A Triangle Inequality for Cosine Similarity

TL;DR

This paper introduces a novel triangle inequality for cosine similarity, enabling more efficient exact similarity search methods that previously relied on approximation techniques due to cosine's non-metric nature.

Contribution

The authors derive a tight triangle inequality for cosine similarity, facilitating the use of standard search structures for exact similarity search.

Findings

Derived a triangle inequality suitable for cosine similarity

Demonstrated the bound is tight and practical for search algorithms

Discussed fast approximation methods for the new bound

Abstract

Similarity search is a fundamental problem for many data analysis techniques.

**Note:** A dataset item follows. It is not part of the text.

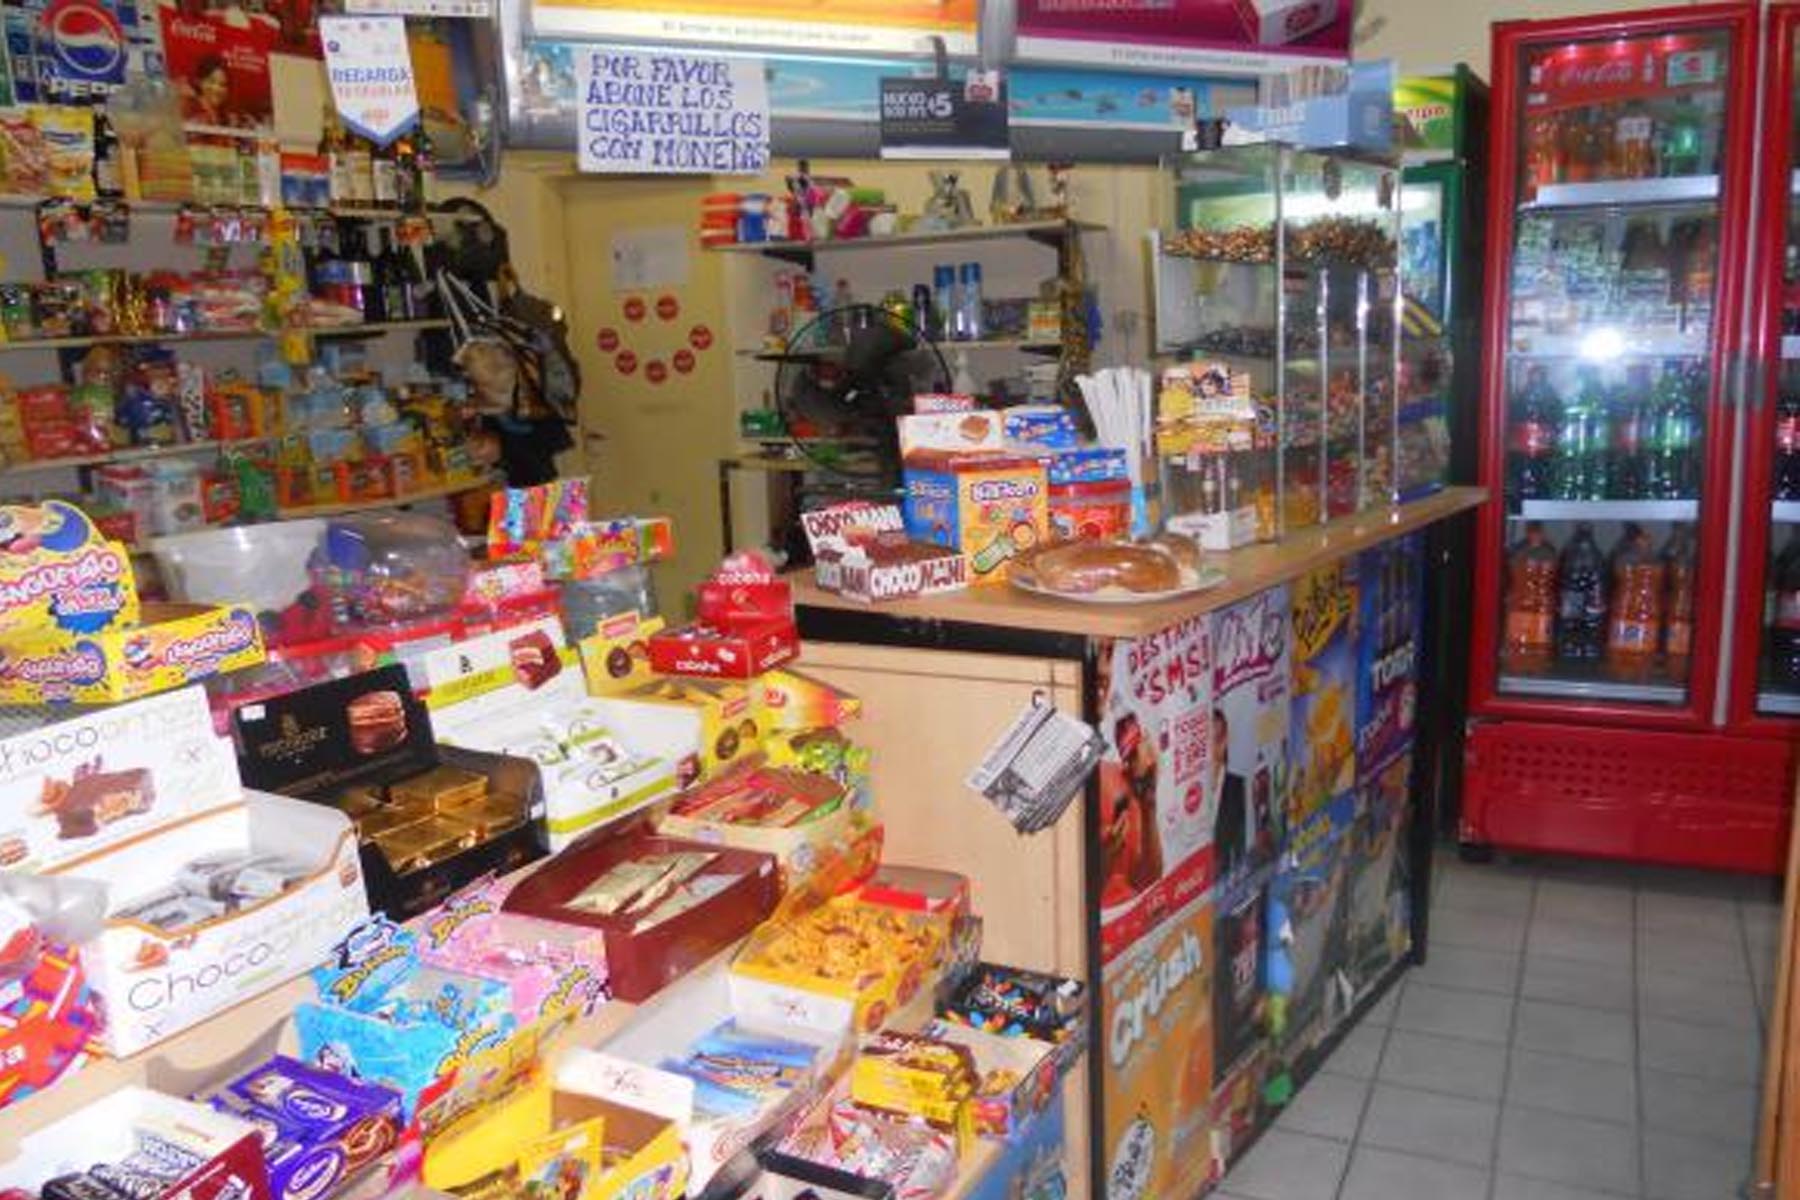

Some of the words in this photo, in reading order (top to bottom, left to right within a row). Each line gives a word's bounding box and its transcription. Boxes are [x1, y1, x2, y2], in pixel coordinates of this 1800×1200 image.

Many efficient search techniques rely on the triangle inequality of metrics, which allows pruning parts of the search space based on transitive bounds on distances. Recently, Cosine similarity has become a popular alternative choice to the standard Euclidean metric, in particular in the context of textual data and neural network embeddings. Unfortunately, Cosine similarity is not metric and does not satisfy the standard triangle inequality. Instead, many search techniques for Cosine rely on approximation techniques such as locality sensitive hashing. In this paper, we derive a triangle inequality for Cosine similarity that is suitable for efficient similarity search with many standard search structures (such as the VP-tree, Cover-tree, and M-tree); show that this bound is tight and discuss fast approximations for it. We hope that this spurs new research on accelerating exact similarity search for cosine similarity, and possible other similarity measures beyond the existing work for distance metrics.